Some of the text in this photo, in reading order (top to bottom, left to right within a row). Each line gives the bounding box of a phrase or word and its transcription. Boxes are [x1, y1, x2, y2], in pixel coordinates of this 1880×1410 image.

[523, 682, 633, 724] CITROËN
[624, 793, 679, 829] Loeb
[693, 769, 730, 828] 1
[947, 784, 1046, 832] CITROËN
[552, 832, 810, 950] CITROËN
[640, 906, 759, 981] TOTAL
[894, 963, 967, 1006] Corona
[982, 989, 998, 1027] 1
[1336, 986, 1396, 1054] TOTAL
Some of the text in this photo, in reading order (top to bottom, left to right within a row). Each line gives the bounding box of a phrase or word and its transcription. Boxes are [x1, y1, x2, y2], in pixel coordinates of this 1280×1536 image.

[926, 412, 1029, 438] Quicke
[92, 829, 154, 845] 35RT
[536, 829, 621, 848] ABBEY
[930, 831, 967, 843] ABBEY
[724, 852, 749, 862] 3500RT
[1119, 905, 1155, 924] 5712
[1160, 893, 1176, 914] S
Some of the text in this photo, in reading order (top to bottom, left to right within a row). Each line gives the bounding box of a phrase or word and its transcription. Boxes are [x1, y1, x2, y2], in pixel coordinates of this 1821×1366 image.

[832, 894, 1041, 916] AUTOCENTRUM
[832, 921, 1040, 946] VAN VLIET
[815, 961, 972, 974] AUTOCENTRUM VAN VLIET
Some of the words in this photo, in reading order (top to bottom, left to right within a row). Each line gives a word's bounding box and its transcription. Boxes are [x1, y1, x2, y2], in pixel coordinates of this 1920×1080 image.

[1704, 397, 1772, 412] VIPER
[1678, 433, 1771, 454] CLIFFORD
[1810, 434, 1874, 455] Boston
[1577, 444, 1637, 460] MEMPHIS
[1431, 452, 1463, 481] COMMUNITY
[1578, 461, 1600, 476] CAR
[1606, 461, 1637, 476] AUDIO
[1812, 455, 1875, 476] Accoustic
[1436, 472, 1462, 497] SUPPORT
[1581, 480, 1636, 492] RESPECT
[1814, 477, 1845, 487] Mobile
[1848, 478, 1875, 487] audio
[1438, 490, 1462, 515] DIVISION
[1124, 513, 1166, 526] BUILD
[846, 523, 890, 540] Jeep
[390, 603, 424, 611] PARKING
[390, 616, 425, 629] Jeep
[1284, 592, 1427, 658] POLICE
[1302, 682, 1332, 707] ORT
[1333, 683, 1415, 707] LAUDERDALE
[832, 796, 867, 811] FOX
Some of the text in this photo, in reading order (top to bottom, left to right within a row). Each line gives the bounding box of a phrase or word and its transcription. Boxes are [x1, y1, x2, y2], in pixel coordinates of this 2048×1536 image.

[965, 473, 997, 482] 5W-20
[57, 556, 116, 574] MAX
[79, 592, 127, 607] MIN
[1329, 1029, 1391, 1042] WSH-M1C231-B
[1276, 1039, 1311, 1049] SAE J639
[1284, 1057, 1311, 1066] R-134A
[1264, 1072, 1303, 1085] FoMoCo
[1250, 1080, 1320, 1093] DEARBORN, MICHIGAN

::::::

**Requirement**:
Print the listing above in its entirety, with every line exact.

**Solution**:
Some of the text in this photo, in reading order (top to bottom, left to right within a row). Each line gives the bounding box of a phrase or word and its transcription. Boxes are [x1, y1, x2, y2], in pixel coordinates of this 1880×1410 image.

[523, 682, 633, 724] CITROËN
[624, 793, 679, 829] Loeb
[693, 769, 730, 828] 1
[947, 784, 1046, 832] CITROËN
[552, 832, 810, 950] CITROËN
[640, 906, 759, 981] TOTAL
[894, 963, 967, 1006] Corona
[982, 989, 998, 1027] 1
[1336, 986, 1396, 1054] TOTAL
Some of the text in this photo, in reading order (top to bottom, left to right within a row). Each line gives the bounding box of a phrase or word and its transcription. Boxes are [x1, y1, x2, y2], in pixel coordinates of this 1280×1536 image.

[926, 412, 1029, 438] Quicke
[92, 829, 154, 845] 35RT
[536, 829, 621, 848] ABBEY
[930, 831, 967, 843] ABBEY
[724, 852, 749, 862] 3500RT
[1119, 905, 1155, 924] 5712
[1160, 893, 1176, 914] S
Some of the text in this photo, in reading order (top to bottom, left to right within a row). Each line gives the bounding box of a phrase or word and its transcription. Boxes are [x1, y1, x2, y2], in pixel coordinates of this 1821×1366 image.

[832, 894, 1041, 916] AUTOCENTRUM
[832, 921, 1040, 946] VAN VLIET
[815, 961, 972, 974] AUTOCENTRUM VAN VLIET
Some of the words in this photo, in reading order (top to bottom, left to right within a row). Each line gives a word's bounding box and its transcription. Boxes are [x1, y1, x2, y2], in pixel coordinates of this 1920×1080 image.

[1704, 397, 1772, 412] VIPER
[1678, 433, 1771, 454] CLIFFORD
[1810, 434, 1874, 455] Boston
[1577, 444, 1637, 460] MEMPHIS
[1431, 452, 1463, 481] COMMUNITY
[1578, 461, 1600, 476] CAR
[1606, 461, 1637, 476] AUDIO
[1812, 455, 1875, 476] Accoustic
[1436, 472, 1462, 497] SUPPORT
[1581, 480, 1636, 492] RESPECT
[1814, 477, 1845, 487] Mobile
[1848, 478, 1875, 487] audio
[1438, 490, 1462, 515] DIVISION
[1124, 513, 1166, 526] BUILD
[846, 523, 890, 540] Jeep
[390, 603, 424, 611] PARKING
[390, 616, 425, 629] Jeep
[1284, 592, 1427, 658] POLICE
[1302, 682, 1332, 707] ORT
[1333, 683, 1415, 707] LAUDERDALE
[832, 796, 867, 811] FOX
Some of the text in this photo, in reading order (top to bottom, left to right within a row). Each line gives the bounding box of a phrase or word and its transcription. Boxes are [x1, y1, x2, y2], in pixel coordinates of this 2048×1536 image.

[965, 473, 997, 482] 5W-20
[57, 556, 116, 574] MAX
[79, 592, 127, 607] MIN
[1329, 1029, 1391, 1042] WSH-M1C231-B
[1276, 1039, 1311, 1049] SAE J639
[1284, 1057, 1311, 1066] R-134A
[1264, 1072, 1303, 1085] FoMoCo
[1250, 1080, 1320, 1093] DEARBORN, MICHIGAN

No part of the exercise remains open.